Les extraterrestres débarquent discrètement sur notre planète. Seul Angelino, un looser notoire, semble s’en être aperçu. Humour, action et délire visuel sont au rendez-vous de ce premier tome de grande classe.
 L'histoire de la série
Angelino est un livreur de pizza dont la vie bascule le jour où il se fait percuter par une fourgonnette. Les séquelles ne sont pas immédiates… Le lendemain, celui-ci commence à voir de curieux phénomènes apparaître tels que des personnes ayant des ombres aux formes étranges lui rappelant Batman. Après avoir consulté le docteur qui le rassure sur son état, l’ancien livreur rentre chez lui et retrouve son ami et colocataire Vinz. Mais le soir venu, des hommes de la section spéciale Z7 font irruption dans leur appartement, avec pour mission d’éliminer les deux amis qui arrivent alors tant bien que mal à s’enfuir…
L'histoire :
Dark Meat City est une ville frontalière des Etats-Unis et du Mexique. Dépassant les 17 millions d’habitants depuis l’an 2000, elle est considérée comme la 3e ville la plus dangereuse au monde. Pour gagner sa vie, Angelino y est livreur de pizzas. Attiré par une jeune femme, notre livreur détourne son attention de la route et percute une fourgonnette. A son arrivée, son colocataire et ami Vinz, un homme avec un crâne en feu en guise de tête, ne peut s’empêcher de lui demander ce qui lui est arrivé. Tout en lui expliquant, il prend une douche pour se remettre les idées en place. Il s’essuie, nourrit ses cafards et va se coucher. Un cauchemar le sort néanmoins de son sommeil ; or, en regardant dans le ciel, il voit une étrange lumière. Vinz arrive et observe également… en vain : la lumière a disparue. Au petit matin, débarque Willy la chauve souris, qui leur propose toujours des missions illégales. En voyant Angelino, il ne peut que l’inciter à aller chez le médecin. En s’y rendant, notre ex-livreur observe un phénomène pour le moins étrange : les ombres de certaines personnes sont clairement différentes…

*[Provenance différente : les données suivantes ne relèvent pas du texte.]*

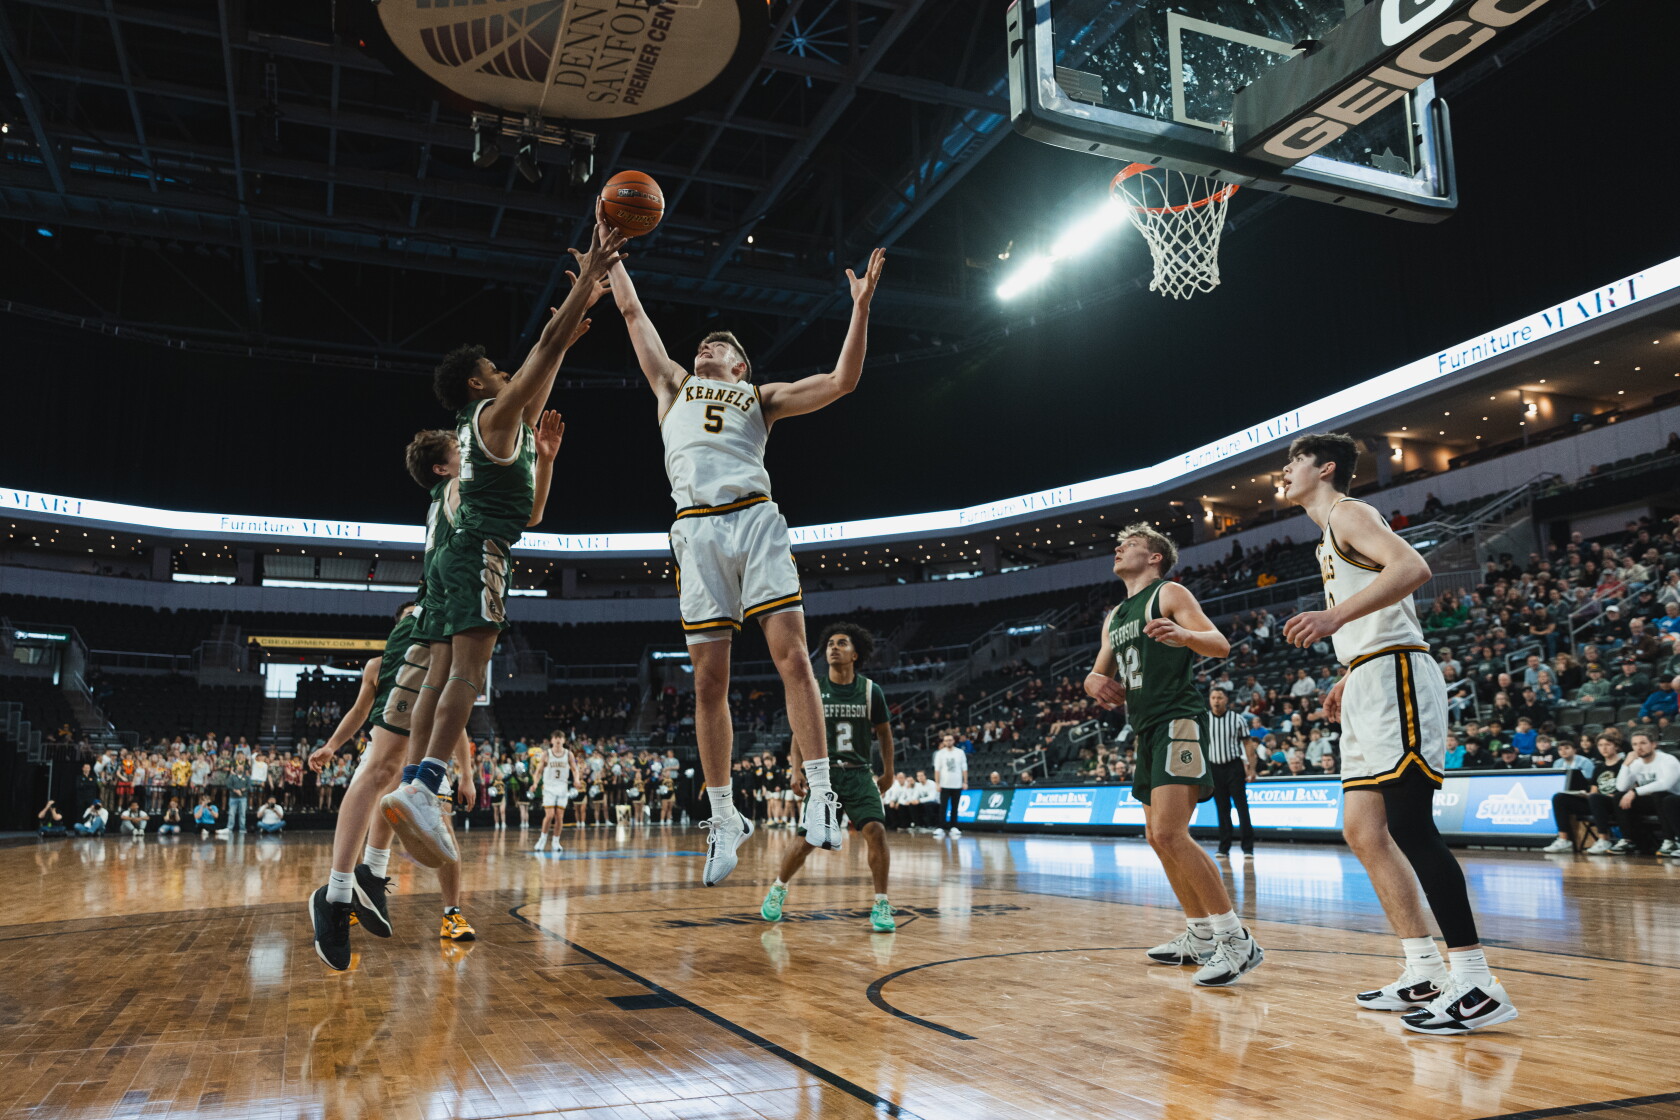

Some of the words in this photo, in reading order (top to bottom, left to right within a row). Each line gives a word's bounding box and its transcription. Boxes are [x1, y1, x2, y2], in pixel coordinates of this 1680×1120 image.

[622, 43, 662, 105] PREMIER
[1437, 324, 1533, 374] Furniture
[1541, 274, 1645, 329] MART
[685, 385, 755, 412] KERNELS
[704, 404, 726, 434] 5
[1184, 439, 1241, 471] Furniture
[220, 516, 295, 534] Furniture
[823, 704, 867, 718] EFFERSON
[835, 721, 855, 752] 2
[1246, 789, 1294, 801] DACOTAH
[1294, 787, 1329, 800] BANK
[1480, 802, 1547, 816] SUMMIT
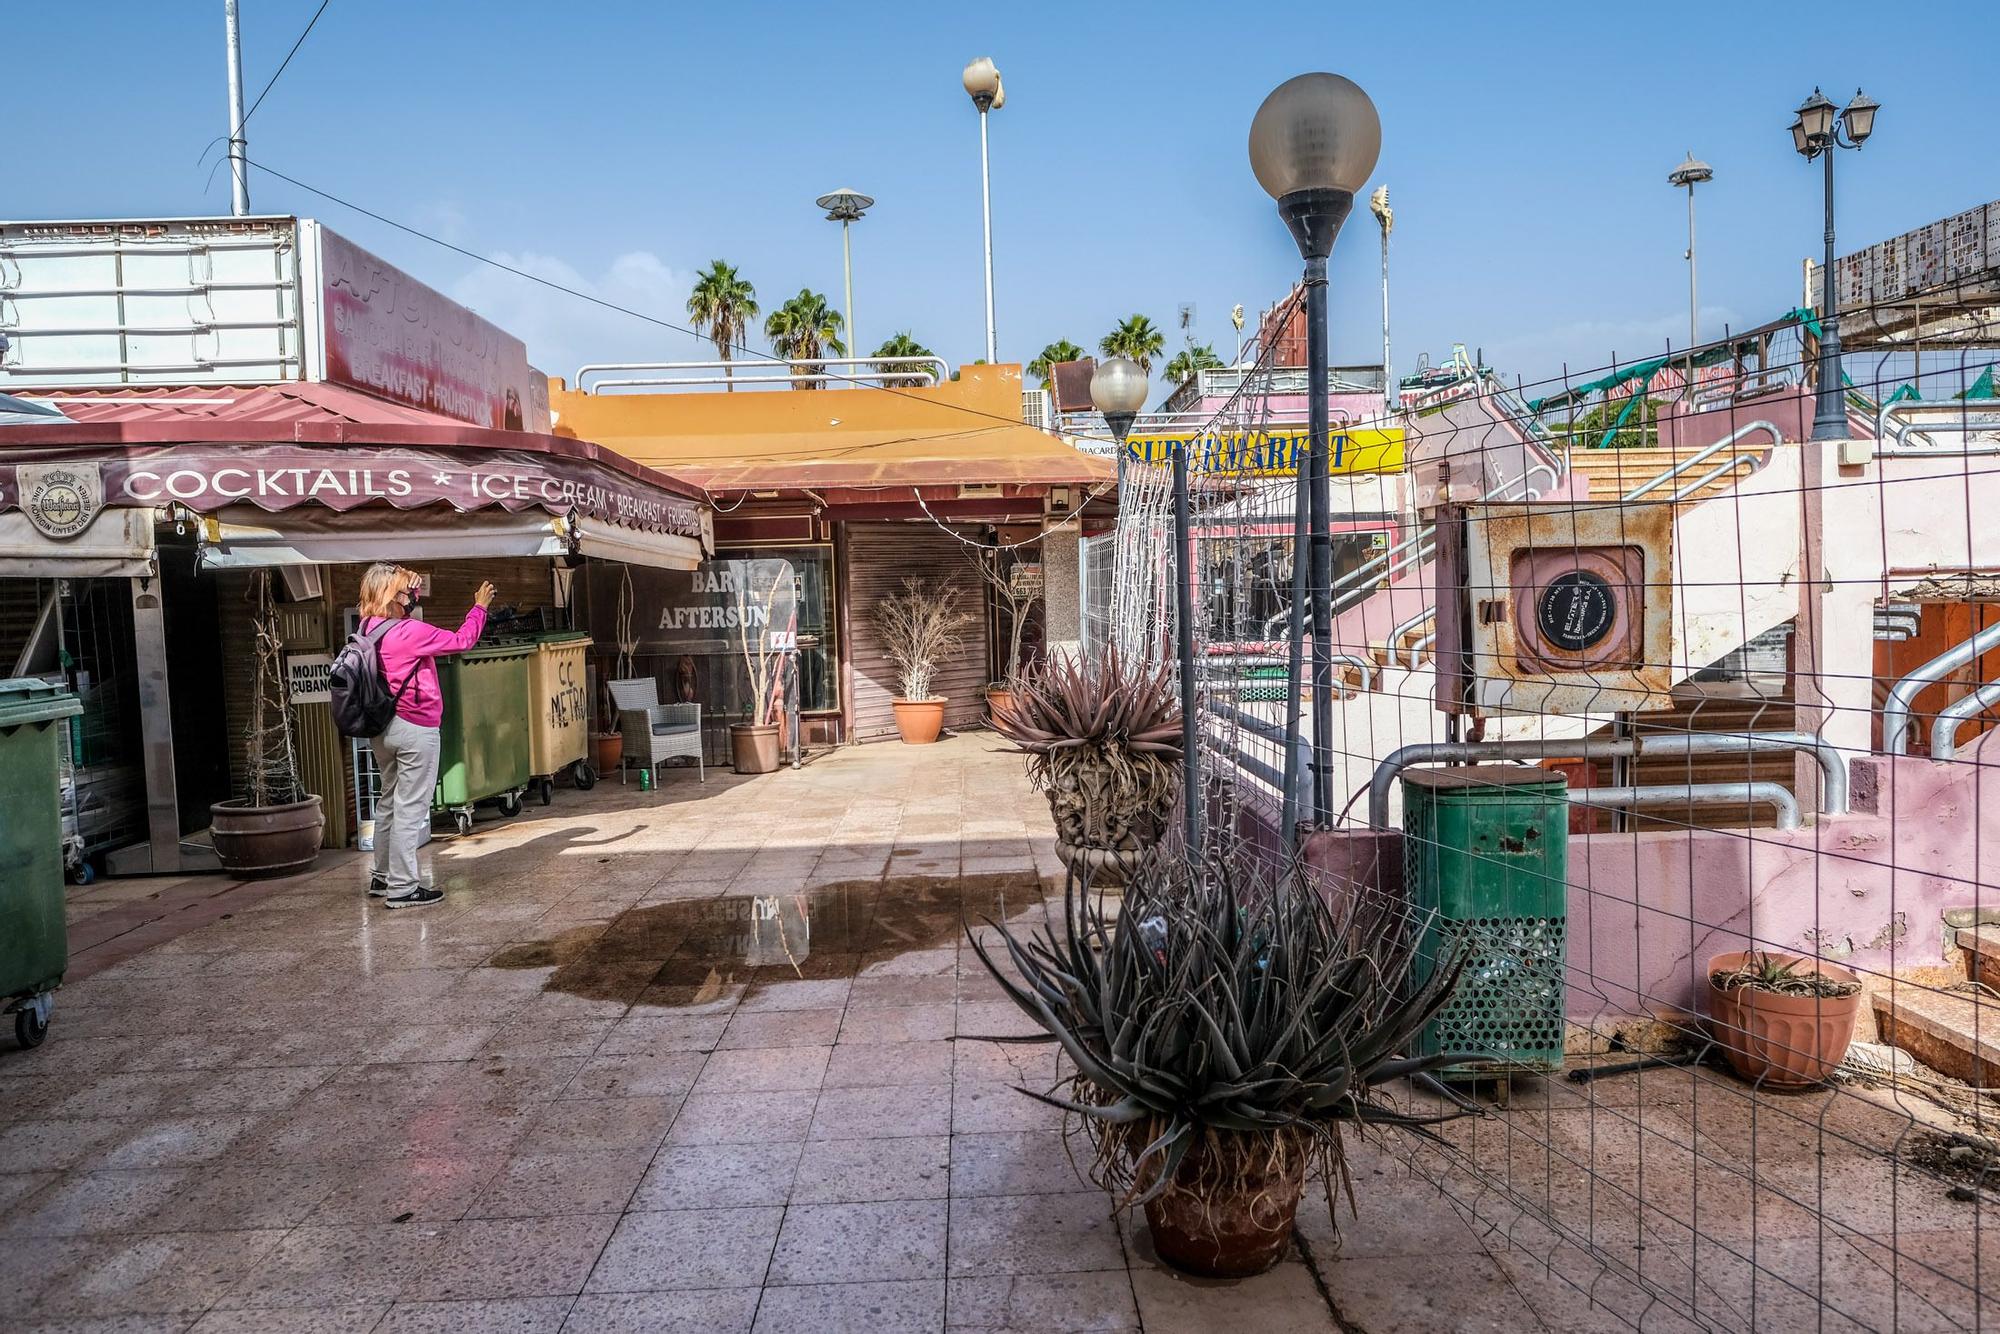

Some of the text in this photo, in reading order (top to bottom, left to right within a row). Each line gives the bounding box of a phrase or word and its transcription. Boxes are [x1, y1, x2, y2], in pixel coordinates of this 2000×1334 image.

[352, 356, 429, 402] BREAKFAST
[1127, 435, 1349, 471] SUPRMARKT
[123, 468, 412, 499] COCKTAILS
[471, 472, 530, 500] ICE
[541, 479, 608, 511] CREAM
[617, 494, 660, 522] BREAKFAST
[52, 525, 78, 535] UNTER
[79, 512, 91, 528] DEN
[691, 571, 735, 593] BAR
[658, 605, 770, 629] AFTERSUN
[292, 664, 331, 679] MOJITO
[551, 687, 586, 729] METRO

Ce qu'on en pense sur la planète BD :
Mutafukaz est entièrement réalisé par un seul auteur, Run, qui a créé ce titre et ces personnages depuis de nombreuses années, attendant patiemment qu’un éditeur accepte de l’éditer. Une galère étonnante, vu le résultat franchement réussi, et ce, à tous les niveaux. Le style graphique est varié, passant d’un style comics à une utilisation assez habile de l’informatique. A ce propos, les pages non colorisées donnent une dimension « ovniesque » à ce titre. Les personnages sont également très originaux (la tête d’Angelino est très simple, mais réussie) et les décors inspirés des ghettos de Los Angeles sont particulièrement bien réalisés. L’histoire multiplie les situations comiques et les scènes d’action. Les fusillades sont extrêmement prenantes et l’action survoltée. Mutafukaz est une série mêlant plusieurs genres et plusieurs styles, une fusion qui pourra rappeler la série Lucha Libre (chez les Humanoïdes Associés). D’ailleurs, en raison de la proximité des univers et d’une véritable originalité de ton, un crossover avait été envisagé dans un premier temps par les auteurs « katchos ». Mutafukaz n’est ni un comics, ni un manga, mais un ovni subversif né en France. La classe.

Les avis des terriens

Terrien Pascal, note : 6/6 "Un ovni dans le monde de la BD" Mutafukaz. Cette série est malheureusement méconnue, mais retenez bien ce titre, car cela ne demande qu’à changer ! Un format pas vraiment conventionnel, pas un comics, pas un manga non plus, mais un habile mélange de différents styles. On y découvre avec un grand plaisir les aventures déjantées de Vinz et Angelino, 2 incroyables losers dans la grande ville de Dark Meat City. Ces deux personnages sont géniaux, attachants dès les premières pages avec leur tête tout droit sortie de… nulle part !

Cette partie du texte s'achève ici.